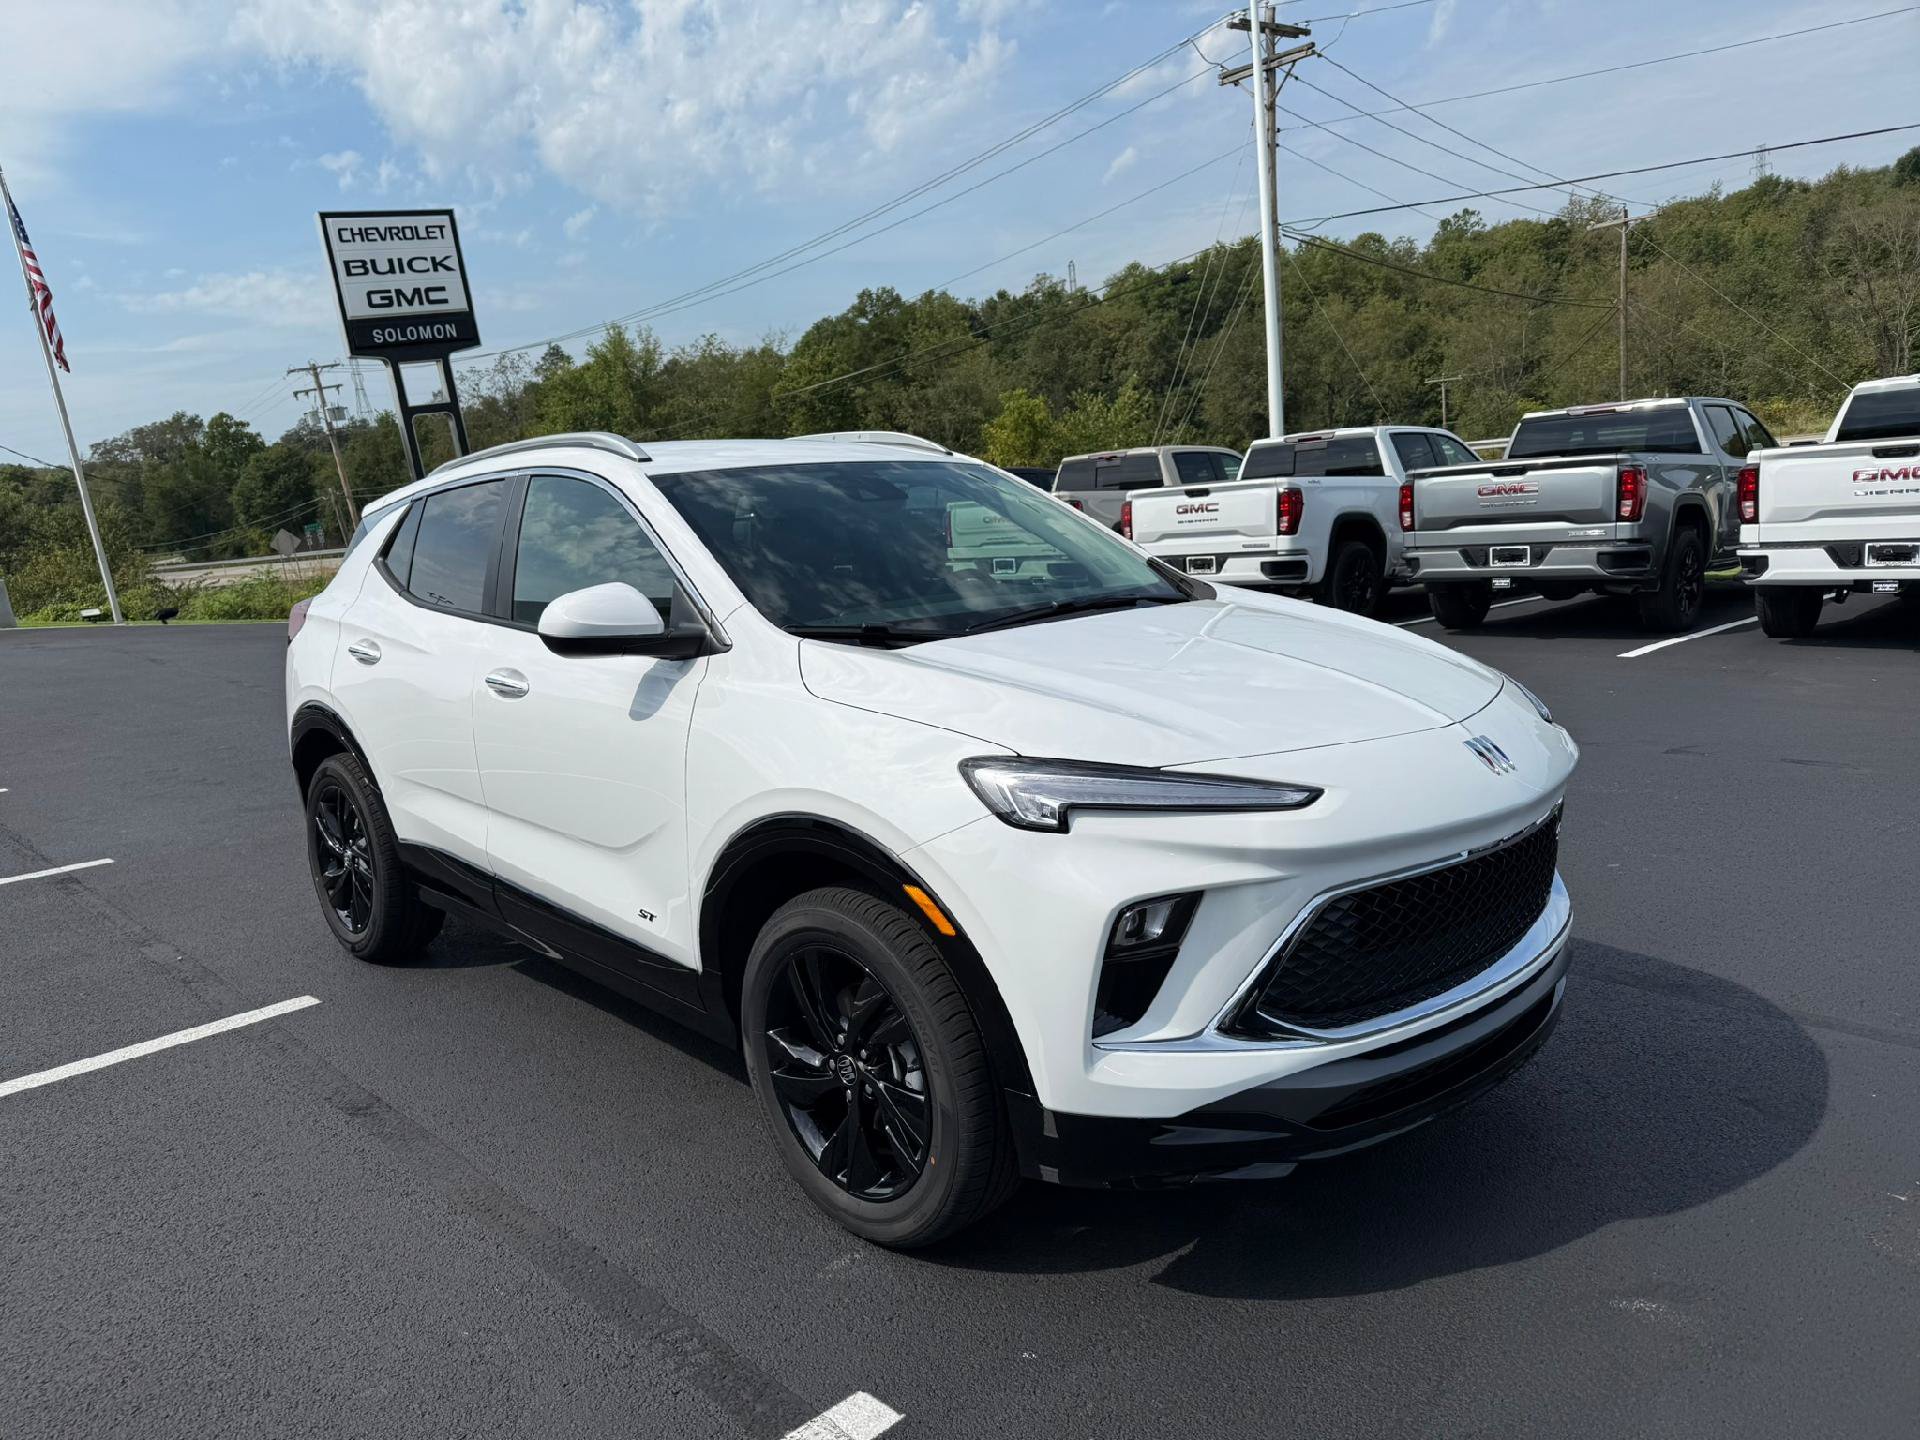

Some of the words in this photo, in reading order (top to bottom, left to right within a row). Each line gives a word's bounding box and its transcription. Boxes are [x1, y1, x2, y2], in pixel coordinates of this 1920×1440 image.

[337, 225, 446, 243] CHEVROLET
[342, 255, 456, 277] BUICK
[366, 286, 449, 308] GMC
[372, 324, 457, 343] SOLOMON
[1477, 482, 1539, 498] GMC
[1176, 503, 1219, 514] GMC
[637, 909, 657, 922] ST

= = =

*Prompt*
An exact copy of the records above is required, leaving out the pictures.

*The completed task*
Some of the words in this photo, in reading order (top to bottom, left to right within a row). Each line gives a word's bounding box and its transcription. Boxes are [x1, y1, x2, y2], in pixel coordinates of this 1920×1440 image.

[337, 225, 446, 243] CHEVROLET
[342, 255, 456, 277] BUICK
[366, 286, 449, 308] GMC
[372, 324, 457, 343] SOLOMON
[1477, 482, 1539, 498] GMC
[1176, 503, 1219, 514] GMC
[637, 909, 657, 922] ST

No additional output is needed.